Depressione e malattie somatiche nell’anziano
F. Cocita, L. Vernuccio, L.J. Dominguez, F. Inzerillo, M. Barbagallo
U.O.C. di Geriatria e Lungodegenza, Dipartimento delle Patologie Emergenti e della Continuità Assistenziale
Azienda Ospedaliera Universitaria Policlinico Paolo Giaccone, Palermo
INTRODUZIONE E CENNI EPIDEMIOLOGICI
La depressione rappresenta un problema globale di salute pubblica, soprattutto nella popolazione anziana, sia per motivi epidemiologici per la sua elevata incidenza e frequenza in questa fascia di popolazione, sia per motivi sociali in quanto si associa frequentemente ad uno stato di disabilità sociale e funzionale e di perdita di autonomia ed autosufficienza per chi ne è affetto.
La prevalenza della condizione varia notevolmente non solo in base all’età ma anche in relazione al setting di rilevazione: sul territorio la prevalenza di depressione maggiore negli anziani è intorno all’1-3%, e sintomi depressivi si riscontrano in circa il 10-15% dei soggetti, mentre nei soggetti istituzionalizzati (strutture residenziali di lungo-assistenza, RSA, case protette) una depressione maggiore si riscontra in circa il 15% dei soggetti e sintomi depressivi in circa il 30-40% dei residenti anziani (Beekman AT, Br J Psychiatry 1999).
FATTORI PREDISPONENTI E CIRCOLI VIZIOSI TRA DEPRESSIONE E MALATTIE ORGANICHE
Nel soggetto anziano sono molti i fattori psicodinamici che possono contribuire allo sviluppo di un disturbo depressivo: la perdita di salute, dei propri affetti, del lavoro e della propria autonomia. La presenza di depressione a sua volta ha un impatto sia sulla salute peggiorando la mortalità e la comorbilità legata alla patologia di base, sia sulla capacità funzionale peggiorando la qualità di vita, aumentando il rischio di disabilità, di perdita di autonomia ed autosufficienza, causando ulteriore stress nel paziente e nella famiglia.
Molte malattie organiche si associano ad un disturbo depressivo maggiore o a sintomi depressivi. Anche se in passato pochi studi hanno attenzionato l’effetto della depressione sullo stato di salute generale dell’anziano, oggi è ampiamente riconosciuto lo stretto legame tra depressione e malattie somatiche. Diversi recenti studi hanno dimostrato come esista un rischio maggiore di sviluppare un disturbo depressivo nei soggetti (principalmente anziani) affetti da una o più patologie organiche acute e soprattutto croniche. Tra le più studiate ricordiamo patologie cardiovascolari (cardiopatia ischemica, scompenso cardiaco, ictus), le patologie endocrine e dismetaboliche (diabete mellito di tipo 2, ipotiroidismi, etc.), malattie neurologiche (Morbo di Parkinson e Malattia di Alzheimer), patologie neoplastiche, patologie osteoarticolari, patologie dell’apparato respiratorio etc. (Allen KP, Can Fam Physician 1981), (Tabella 1).

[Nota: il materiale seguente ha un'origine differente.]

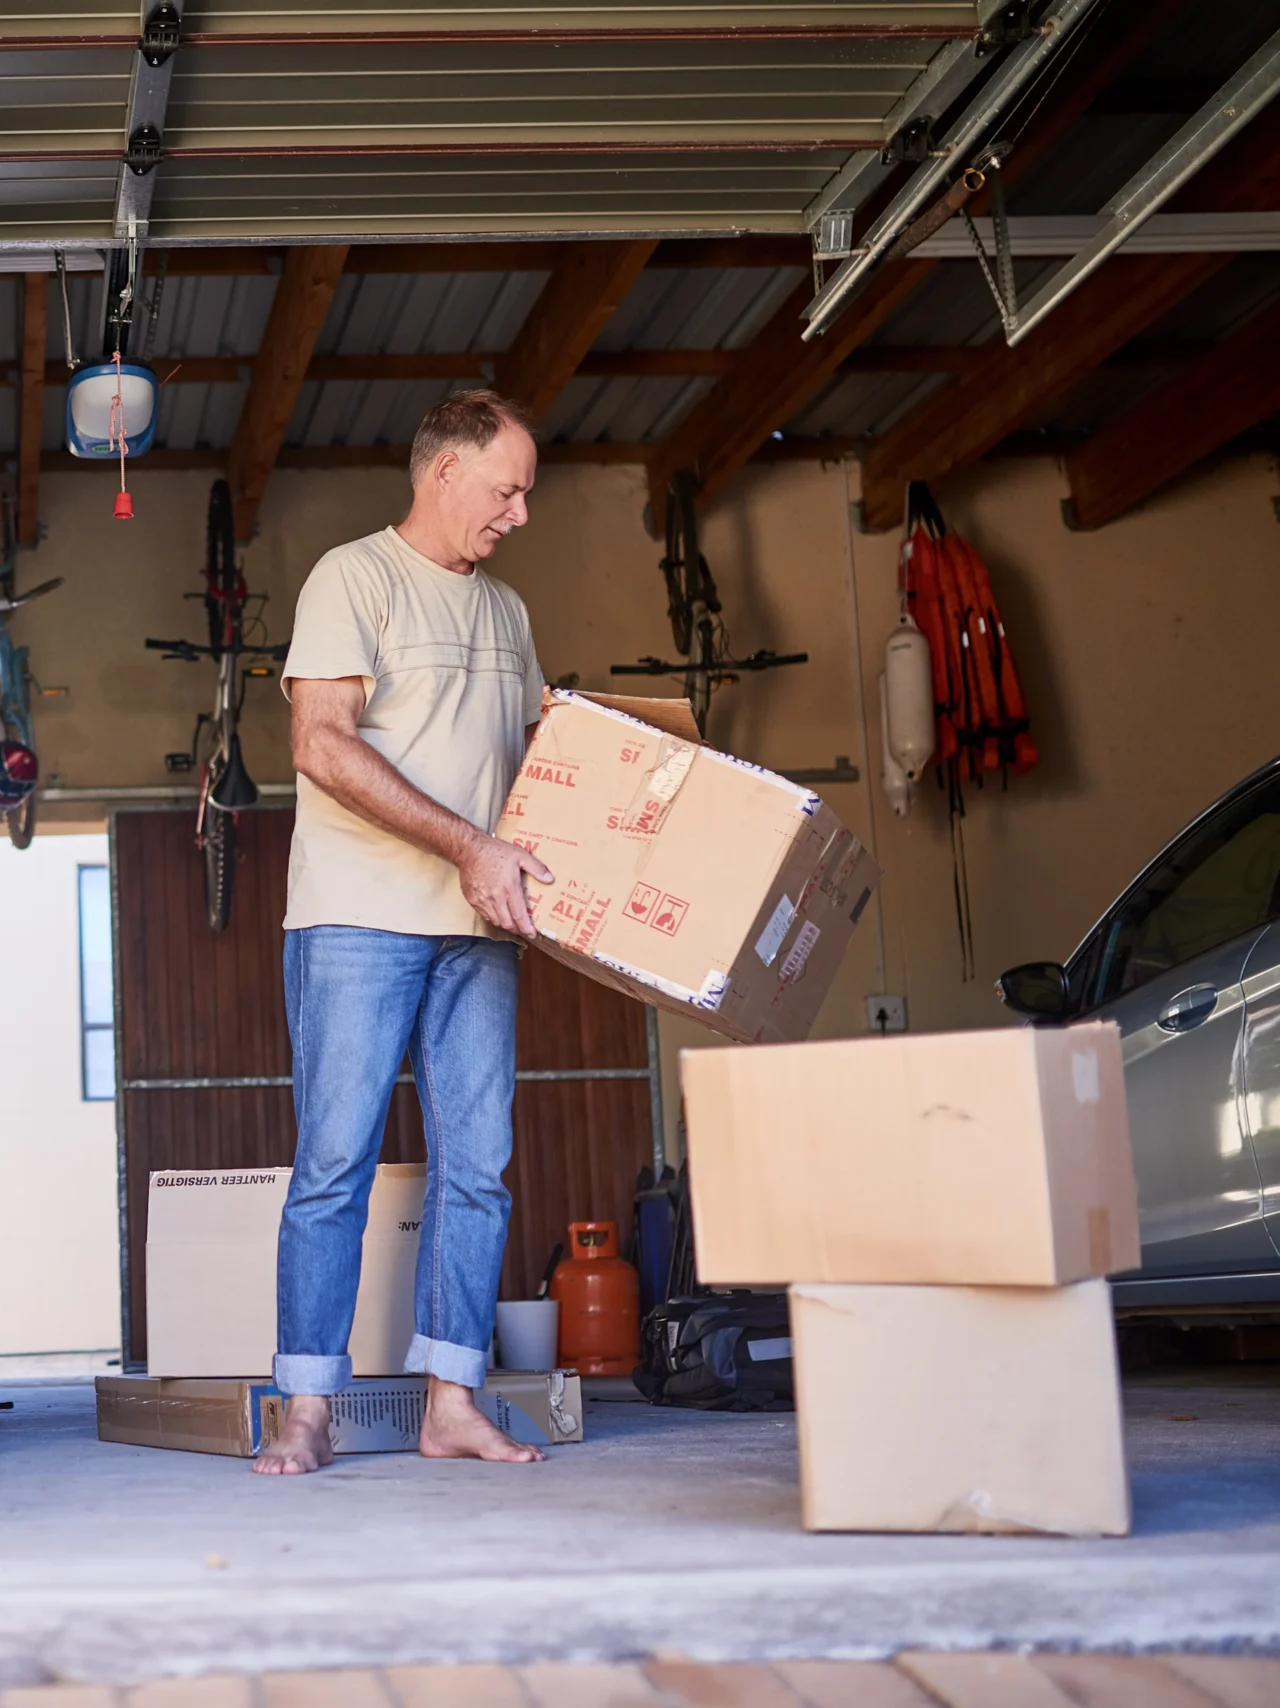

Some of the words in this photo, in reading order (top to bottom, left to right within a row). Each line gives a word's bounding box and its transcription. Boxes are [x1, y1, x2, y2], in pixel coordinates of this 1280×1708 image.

[156, 1176, 218, 1188] VERSIGTIG
[221, 1174, 277, 1186] HANTEER
[397, 1221, 423, 1232] AN:
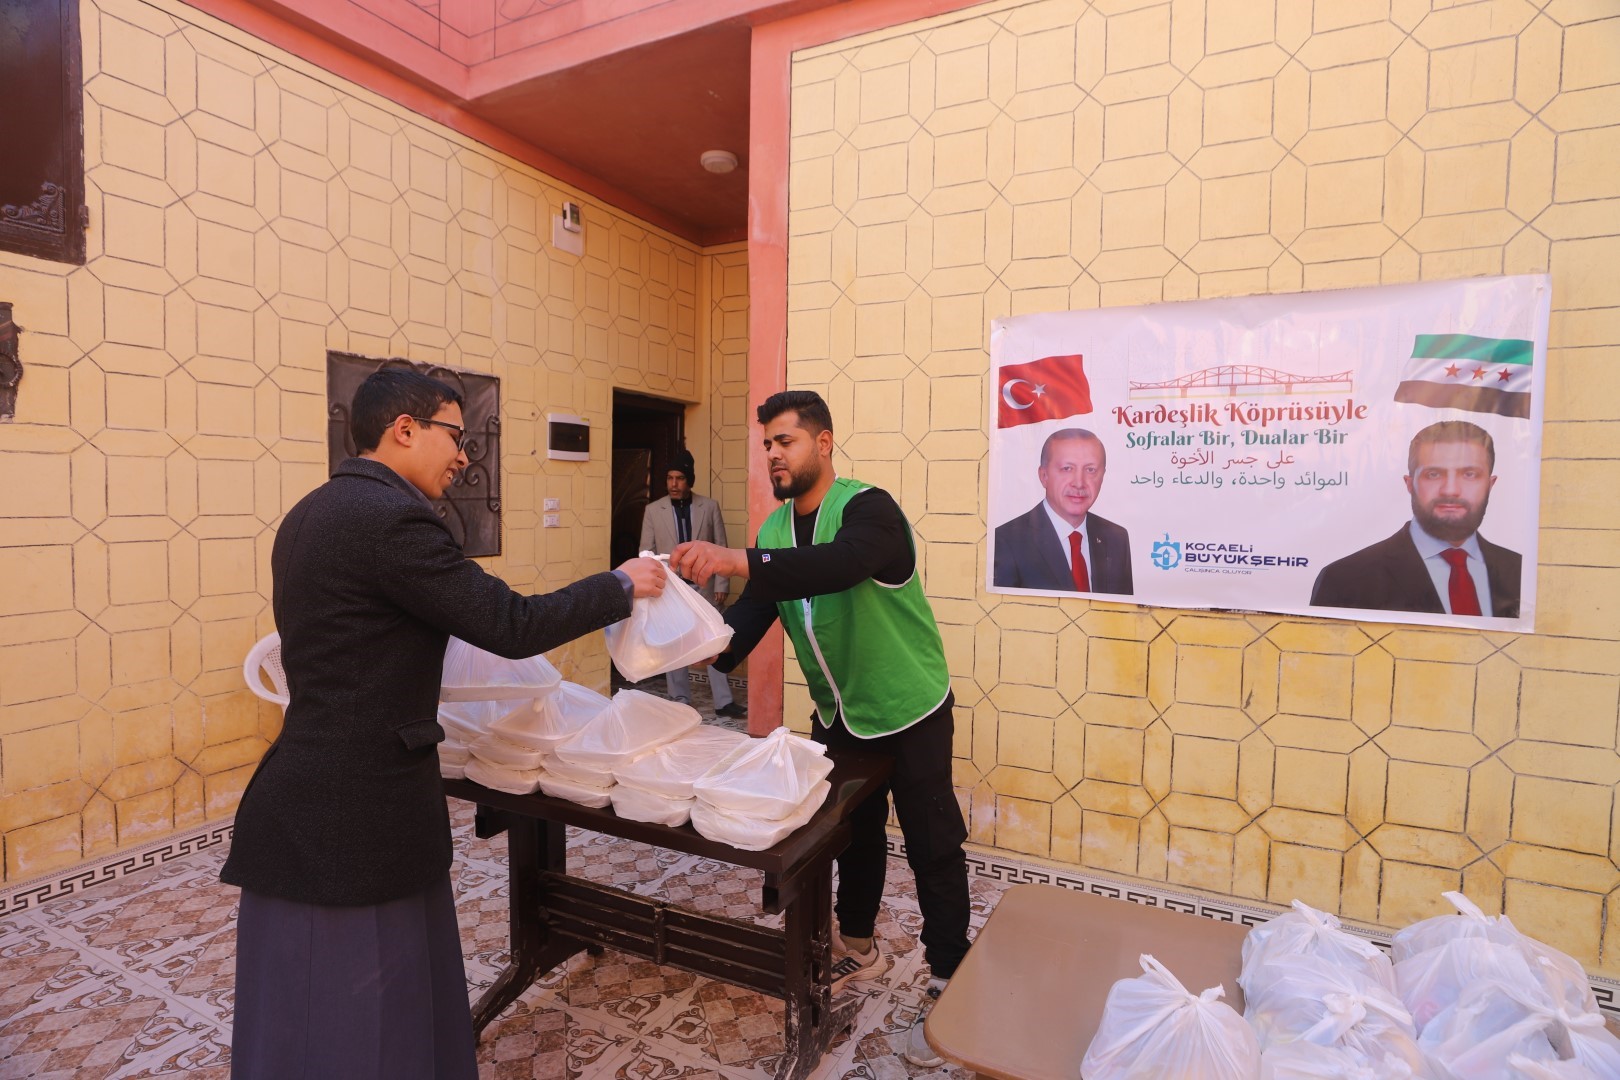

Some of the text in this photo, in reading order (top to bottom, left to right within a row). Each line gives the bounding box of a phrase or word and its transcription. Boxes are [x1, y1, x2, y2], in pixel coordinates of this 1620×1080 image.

[1111, 398, 1368, 429] Kardeşlik Köprüsüyle
[1126, 428, 1349, 450] Sofralar Bir, Dualar Bir
[1170, 448, 1295, 470] على جسر الأخوة
[1130, 470, 1348, 490] الموائد واحدة، والدعاء واحد
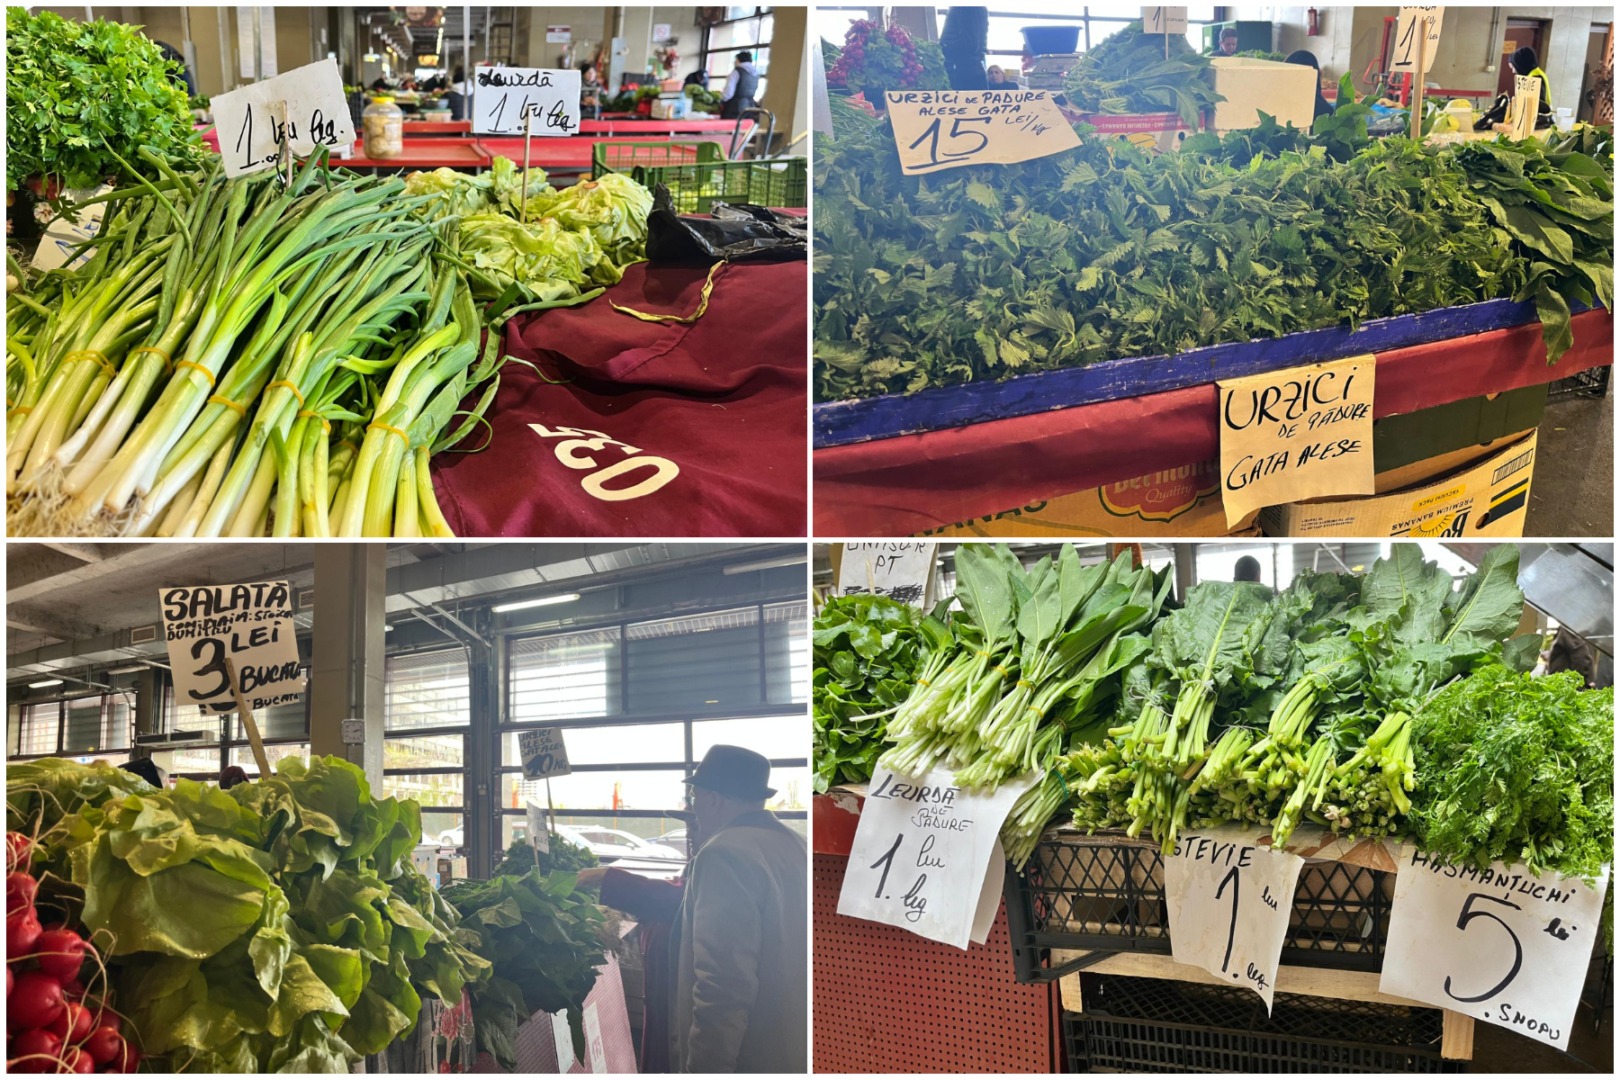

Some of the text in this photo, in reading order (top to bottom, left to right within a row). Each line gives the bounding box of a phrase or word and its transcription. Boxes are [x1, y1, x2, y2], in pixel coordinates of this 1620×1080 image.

[1394, 14, 1417, 66] 1
[919, 104, 1022, 116] ALESE GATA
[908, 116, 993, 164] 15
[1277, 423, 1300, 439] DE
[1226, 439, 1362, 491] GATA ALESE
[1391, 496, 1474, 531] PREMIUM BANANAS
[874, 554, 904, 575] PT
[231, 620, 281, 653] LEI
[1173, 835, 1256, 868] STEVIE
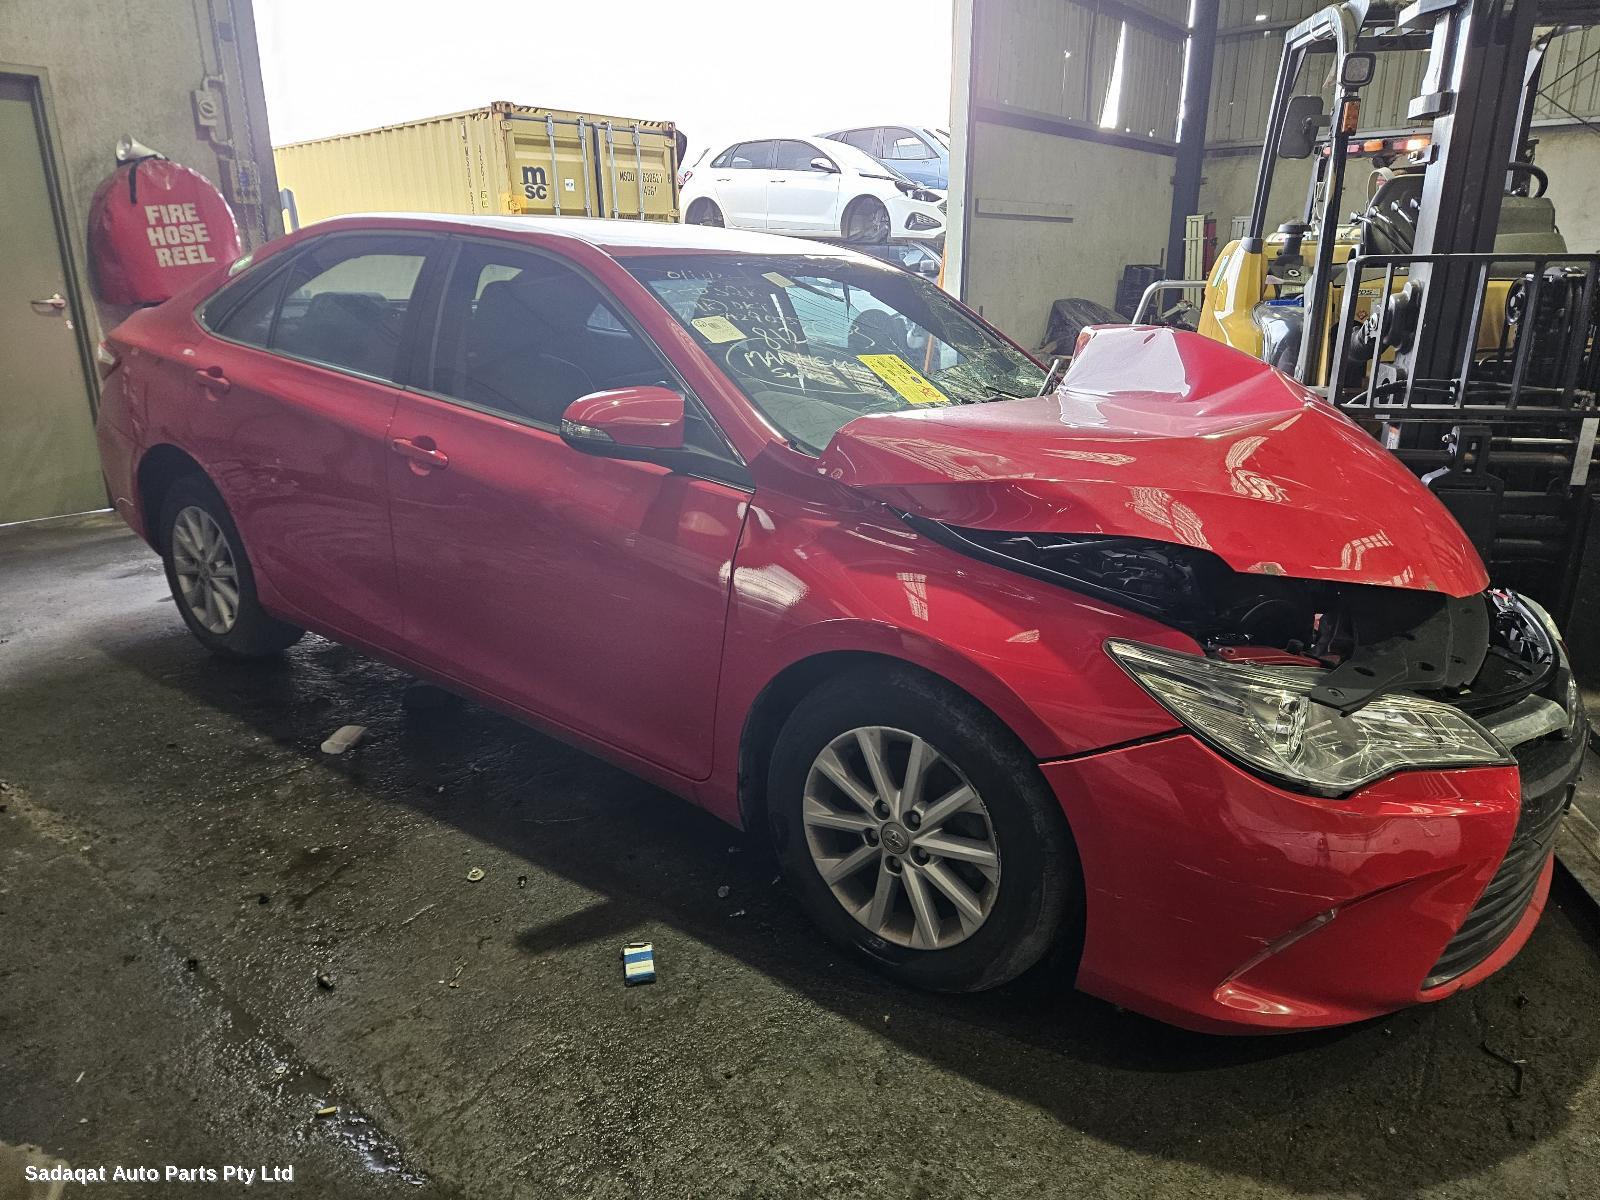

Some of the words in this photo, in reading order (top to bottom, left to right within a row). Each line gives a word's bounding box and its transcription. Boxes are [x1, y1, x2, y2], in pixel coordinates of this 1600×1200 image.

[144, 203, 199, 225] FIRE
[147, 223, 210, 246] HOSE
[156, 244, 215, 268] REEL

La presenza di dolore cronico, per lo più associato a processi degenerativi o neoplastici, e la disabilità conseguente, sono fra le cause più importanti di scadimento della qualità di vita e di insorgenza di uno stato depressivo. La relazione tra malattie e depressione è particolarmente rilevante per le patologie ad impatto diretto sulla disabilità (ictus, tumori, etc.). La perdita di capacità funzionale ha effetti peggiorativi sui sintomi depressivi, che a loro volta hanno effetti negativi sull’abilità funzionale, causando l’instaurarsi di un perverso circolo vizioso. Ad esempio la depressione che insorge dopo un ictus riconoscerebbe uno stato biologico nei primi mesi, mentre successivamente una componente aggravante e precipitante della condizione depressiva sarebbe legata allo stato di perdita funzionale conseguente all’ictus stesso. Malattie croniche invalidanti, riduzione della mobilità, e depressione sono anche strettamente collegate a solitudine ed isolamento sociale, con l’instaurarsi di un ulteriore circolo vizioso.
Una condizione depressiva non è solo conseguenza di malattie somatiche ma a sua volta la presenza di depressione è un fattore di rischio per la comparsa di numerose malattie somatiche e rappresenta un elemento di prognosi negativa per la loro evoluzione, con influenza sulla sintomatologia (aggravamento sintomi, comparsa di nuovi sintomi vegetativi) e con implicazioni sul trattamento (riduzione dell’aderenza e della compliance alla terapia).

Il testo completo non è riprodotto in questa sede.